Leave it to Leonor #342

Loyal Nana x LITL

This week, I’m thinking about friendship breakups. There are several topics which I constantly circle around for the newsletter and never get down to writing about and this is one of them. It has always seemed too personal, too sensitive, too invasive. It wasn’t until I had a call with Amanda of Loyal Nana, who was also ruminating on this topic, that I decided to dive in. She asked me about my own major friend breakup and every neuron lit up and my entire body got tingly (in a not-so-great way). Sharing the details with her was revealing. These are stories we want to tell, but for a variety of reasons, we don’t. Below is our back forth on the topic: 

Leave it to Leonor: I’ve been lucky to not have too many friendship breakups - some fade outs, sure, but no big blowouts. When talking about the big one, one of the first questions you asked me was if I imagined that this person was a “forever” friend and I said I thought she was, but now, of course in retrospect, I see that she was just supposed to be my friend for this specific length of time, something I refer to as a “season of life friend”. Either way, it reminded me of this Olivia de Recat drawing which absolutely shatters my heart every time I see it. (DOG!)(I should just buy it already right?) 

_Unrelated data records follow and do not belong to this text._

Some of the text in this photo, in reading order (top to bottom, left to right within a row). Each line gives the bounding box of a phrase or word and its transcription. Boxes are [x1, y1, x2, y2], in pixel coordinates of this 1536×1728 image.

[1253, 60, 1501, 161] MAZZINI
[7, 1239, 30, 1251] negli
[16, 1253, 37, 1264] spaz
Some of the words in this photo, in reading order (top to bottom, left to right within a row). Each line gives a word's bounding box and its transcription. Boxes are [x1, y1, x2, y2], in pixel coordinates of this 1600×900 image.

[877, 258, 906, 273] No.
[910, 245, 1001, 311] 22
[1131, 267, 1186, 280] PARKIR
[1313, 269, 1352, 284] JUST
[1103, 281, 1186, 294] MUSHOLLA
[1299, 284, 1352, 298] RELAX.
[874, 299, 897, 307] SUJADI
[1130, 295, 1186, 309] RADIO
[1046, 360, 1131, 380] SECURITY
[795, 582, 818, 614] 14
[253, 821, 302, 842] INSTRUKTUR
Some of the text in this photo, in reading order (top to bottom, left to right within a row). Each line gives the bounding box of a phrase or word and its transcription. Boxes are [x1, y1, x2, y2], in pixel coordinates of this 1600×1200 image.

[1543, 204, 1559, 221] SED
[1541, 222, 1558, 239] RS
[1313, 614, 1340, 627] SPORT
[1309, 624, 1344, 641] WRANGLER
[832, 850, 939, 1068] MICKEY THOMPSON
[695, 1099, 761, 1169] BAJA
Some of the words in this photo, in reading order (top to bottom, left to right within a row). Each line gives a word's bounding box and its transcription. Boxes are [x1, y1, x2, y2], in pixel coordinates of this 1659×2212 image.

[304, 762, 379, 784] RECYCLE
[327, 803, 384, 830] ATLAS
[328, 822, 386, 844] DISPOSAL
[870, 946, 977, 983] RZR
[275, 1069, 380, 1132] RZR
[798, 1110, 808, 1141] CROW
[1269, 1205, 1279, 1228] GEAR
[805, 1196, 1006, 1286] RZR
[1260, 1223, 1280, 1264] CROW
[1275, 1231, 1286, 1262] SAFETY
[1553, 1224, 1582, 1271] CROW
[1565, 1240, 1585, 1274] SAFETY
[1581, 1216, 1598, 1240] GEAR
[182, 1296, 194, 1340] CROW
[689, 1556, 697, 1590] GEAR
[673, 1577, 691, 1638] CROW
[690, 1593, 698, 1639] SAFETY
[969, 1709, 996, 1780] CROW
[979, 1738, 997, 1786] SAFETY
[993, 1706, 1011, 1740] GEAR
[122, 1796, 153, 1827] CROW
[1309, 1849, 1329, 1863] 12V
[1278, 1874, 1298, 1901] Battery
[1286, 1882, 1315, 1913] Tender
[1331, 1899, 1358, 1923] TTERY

 I am firmly on the other side of this friendship breakup which made it much easier to have some perspective for this conversation. But you on the other hand, were/are right at the tail end and trying to sort that all out.

Loyal Nana: That illustration reminded me of one that I found on the web back in 2019 that inspired me to first write about friendships lost, also in collaboration with you! 

(I’ve searched far and wide for the origin of the illustration, but only found this Tumblr account.)

I felt immense sadness when I first saw that illustration because it is such a hard journey. 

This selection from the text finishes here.